I am a member of Old Bethel WMU and I have two great nephews that have gone to Shriners since they were born. One is now 29 and the other is in high school. There are others that have relatives that go to Shriners for health care issues.

Labels were put on the quilts.

The sewing ladies quilt not only because they love to sew, but this is our mission. We have donated 72 quilts to Louisiana Baptist Children’s Home, made 18 quilts for the children of Old Bethel; gave 35 or 40 quilts to cancer victims or sick people. We donated 70 lap quilts to the nursing home, 25 baby quilts to the Women’s Resource, 25 quilts to Disaster Relief. One year, we made 75 dresses and 50 boys’ shorts to Operation Christmas Child shoeboxes. Now 25 quilts will go to Shriners Hospital.

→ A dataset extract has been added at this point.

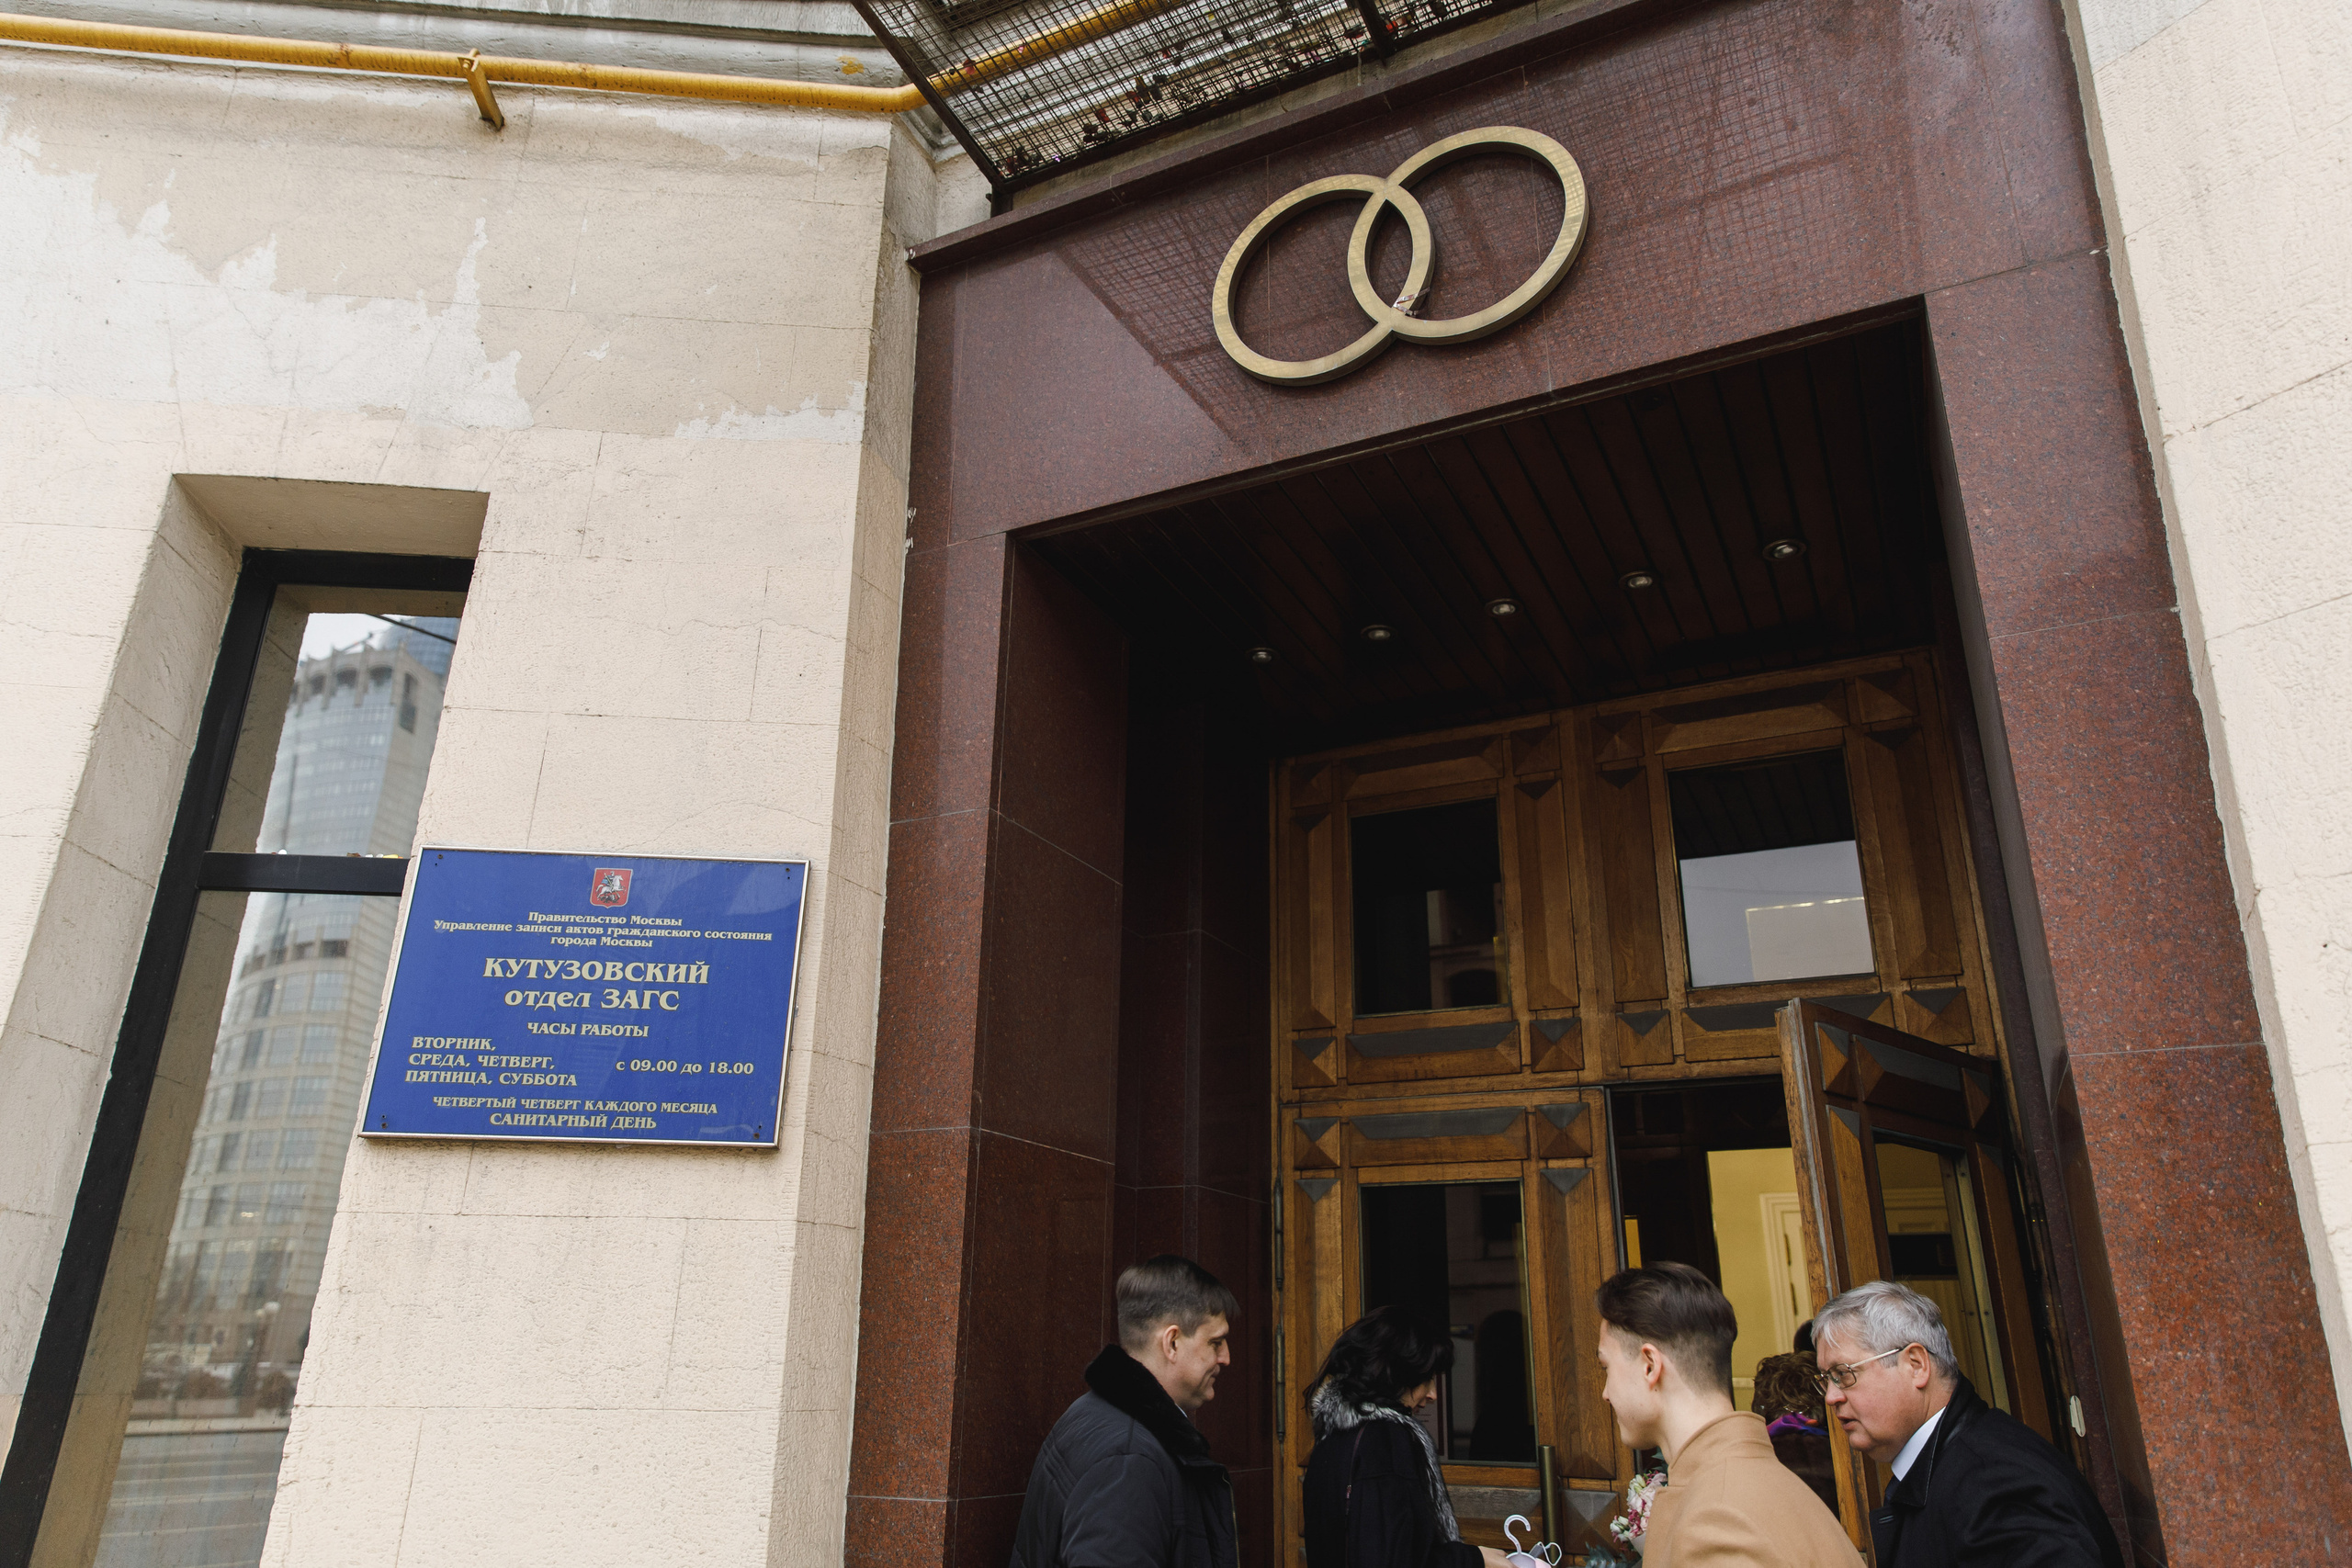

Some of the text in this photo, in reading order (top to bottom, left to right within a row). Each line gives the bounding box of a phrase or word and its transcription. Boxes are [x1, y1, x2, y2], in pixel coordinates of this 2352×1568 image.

Currently, they are working on quilts for Disaster Relief and the nursing home.

I talked to Nell Settle (aka Queen Bee) who started us on this mission. She is the main quilter, although there are other women that can quilt at the cottage. She said it takes anywhere from two to three days to make a quilt top, then it has to be pinned to the batting, which takes about 30 minutes. She can quilt a simple quilt in one day and an advanced quilt in two days. Once it is quilted, it has to be binded, which takes about an hour.  All of our machine pieced and quilted.  She said 95 percent of the material is donated. Sometimes we have to buy the material for stripping and border.  We purchase all the batting, all the backing and the thread.

Holland, also a quitter, said that she cuts out two or three quilts at a time, then sews the main part of the quilt together, whatever size and makes the binding. Kid’s quilts are bright and adult quilts try to match. She brings them to the cottage and they put batting and backing on it, then it is quilted and binded at the cottage. We never let a quilt leave the cottage without a label and prayer. She also made 72 pillowcases to match the quilts that were donated to the children’s home.  She is currently making quilts for St. Jude’s.

We have men of the church that helps the sewing ladies in the cottage. Like building shelves, changing batting on the rolls and plumbing.  They are Malcolm Durr and John Settle.

Old Bethel WMU currently is selling raffle tickets for a full sized fall quilt, which will be given away Oct. 16.  You do not have to present to win.  Tickets are $1 each or 12 tickets for $10.  Proceeds will be used to buy sewing supplies for missions from the Old Bethel Sewing Cottage.